[Start of section]

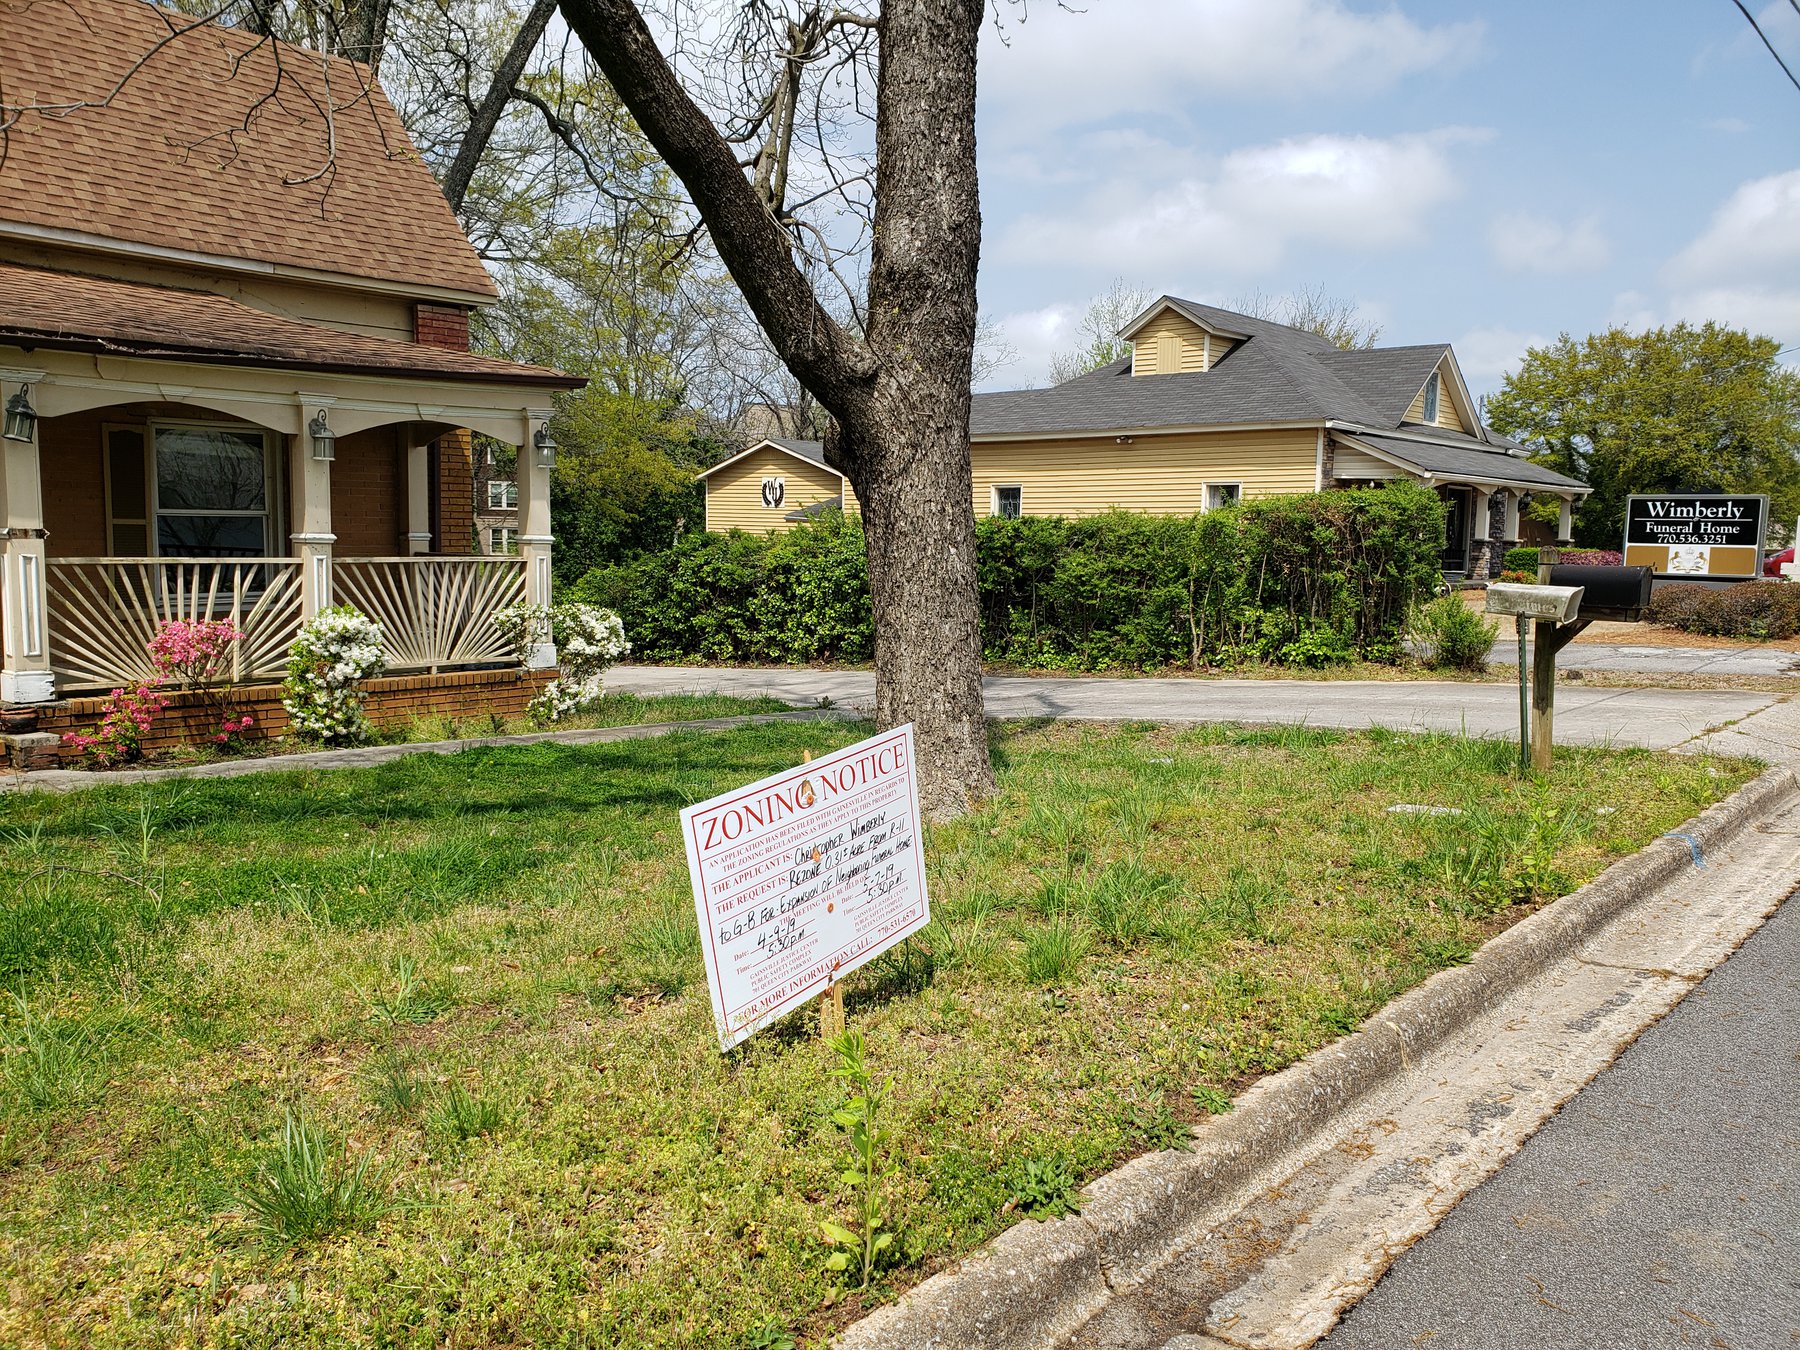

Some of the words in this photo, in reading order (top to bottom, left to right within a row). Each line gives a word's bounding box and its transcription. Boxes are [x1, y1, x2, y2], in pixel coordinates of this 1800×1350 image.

[1647, 501, 1744, 520] Wimberly
[1646, 522, 1693, 533] Funeral
[1700, 523, 1740, 534] Home
[1658, 534, 1727, 544] 770.536.3251
[702, 780, 816, 851] ZONING
[820, 742, 905, 801] NOTICE
[709, 859, 719, 868] AN
[721, 840, 764, 863] APPLICATION
[765, 833, 779, 844] HAS
[779, 826, 796, 838] BEEN
[797, 818, 815, 830] FILED
[815, 810, 831, 821] WITH
[832, 794, 867, 814] GAINESVILLE
[874, 781, 898, 795] REGARDS
[723, 862, 735, 872] THE
[738, 849, 764, 866] ZONING
[765, 831, 808, 854] REGULATIONS
[810, 826, 817, 834] AS
[818, 819, 832, 830] THEY
[834, 811, 849, 822] APPLY
[860, 801, 871, 811] THIS
[872, 789, 896, 805] PROPERTY
[712, 880, 731, 895] THE
[733, 857, 780, 886] APPLICANT
[782, 853, 793, 863] IS:
[863, 864, 894, 893] 5-7-19
[716, 899, 735, 915] THE
[737, 879, 776, 906] REQUEST
[778, 875, 788, 886] IS:
[779, 915, 792, 925] THE
[793, 900, 820, 920] MEETING
[821, 892, 835, 903] WILL
[837, 887, 843, 896] BE
[844, 879, 859, 891] HELD
[841, 894, 853, 904] Date:
[843, 906, 855, 916] Time:
[757, 918, 796, 949] 4-9-19
[734, 950, 749, 961] Date:
[760, 986, 788, 1010] MORE
[789, 951, 849, 992] INFORMATION
[850, 937, 873, 956] CALL:
[877, 908, 916, 937] 770-531-6570
[781, 949, 799, 963] JUSTICE
[800, 939, 818, 952] CENTER
[737, 964, 752, 975] Time:
[751, 973, 769, 987] PUBLIC
[770, 963, 788, 975] SAFETY
[789, 950, 811, 965] COMPLEX
[761, 977, 777, 990] QUEEN
[778, 970, 789, 979] CITY
[790, 957, 811, 972] PARKWAY

[End of section]

What is required: Wherever an image appears, omit it, and retype everything else in the entries exactly.

Answer section:
Some of the words in this photo, in reading order (top to bottom, left to right within a row). Each line gives a word's bounding box and its transcription. Boxes are [x1, y1, x2, y2], in pixel coordinates of this 1800×1350 image.

[1647, 501, 1744, 520] Wimberly
[1646, 522, 1693, 533] Funeral
[1700, 523, 1740, 534] Home
[1658, 534, 1727, 544] 770.536.3251
[702, 780, 816, 851] ZONING
[820, 742, 905, 801] NOTICE
[709, 859, 719, 868] AN
[721, 840, 764, 863] APPLICATION
[765, 833, 779, 844] HAS
[779, 826, 796, 838] BEEN
[797, 818, 815, 830] FILED
[815, 810, 831, 821] WITH
[832, 794, 867, 814] GAINESVILLE
[874, 781, 898, 795] REGARDS
[723, 862, 735, 872] THE
[738, 849, 764, 866] ZONING
[765, 831, 808, 854] REGULATIONS
[810, 826, 817, 834] AS
[818, 819, 832, 830] THEY
[834, 811, 849, 822] APPLY
[860, 801, 871, 811] THIS
[872, 789, 896, 805] PROPERTY
[712, 880, 731, 895] THE
[733, 857, 780, 886] APPLICANT
[782, 853, 793, 863] IS:
[863, 864, 894, 893] 5-7-19
[716, 899, 735, 915] THE
[737, 879, 776, 906] REQUEST
[778, 875, 788, 886] IS:
[779, 915, 792, 925] THE
[793, 900, 820, 920] MEETING
[821, 892, 835, 903] WILL
[837, 887, 843, 896] BE
[844, 879, 859, 891] HELD
[841, 894, 853, 904] Date:
[843, 906, 855, 916] Time:
[757, 918, 796, 949] 4-9-19
[734, 950, 749, 961] Date:
[760, 986, 788, 1010] MORE
[789, 951, 849, 992] INFORMATION
[850, 937, 873, 956] CALL:
[877, 908, 916, 937] 770-531-6570
[781, 949, 799, 963] JUSTICE
[800, 939, 818, 952] CENTER
[737, 964, 752, 975] Time:
[751, 973, 769, 987] PUBLIC
[770, 963, 788, 975] SAFETY
[789, 950, 811, 965] COMPLEX
[761, 977, 777, 990] QUEEN
[778, 970, 789, 979] CITY
[790, 957, 811, 972] PARKWAY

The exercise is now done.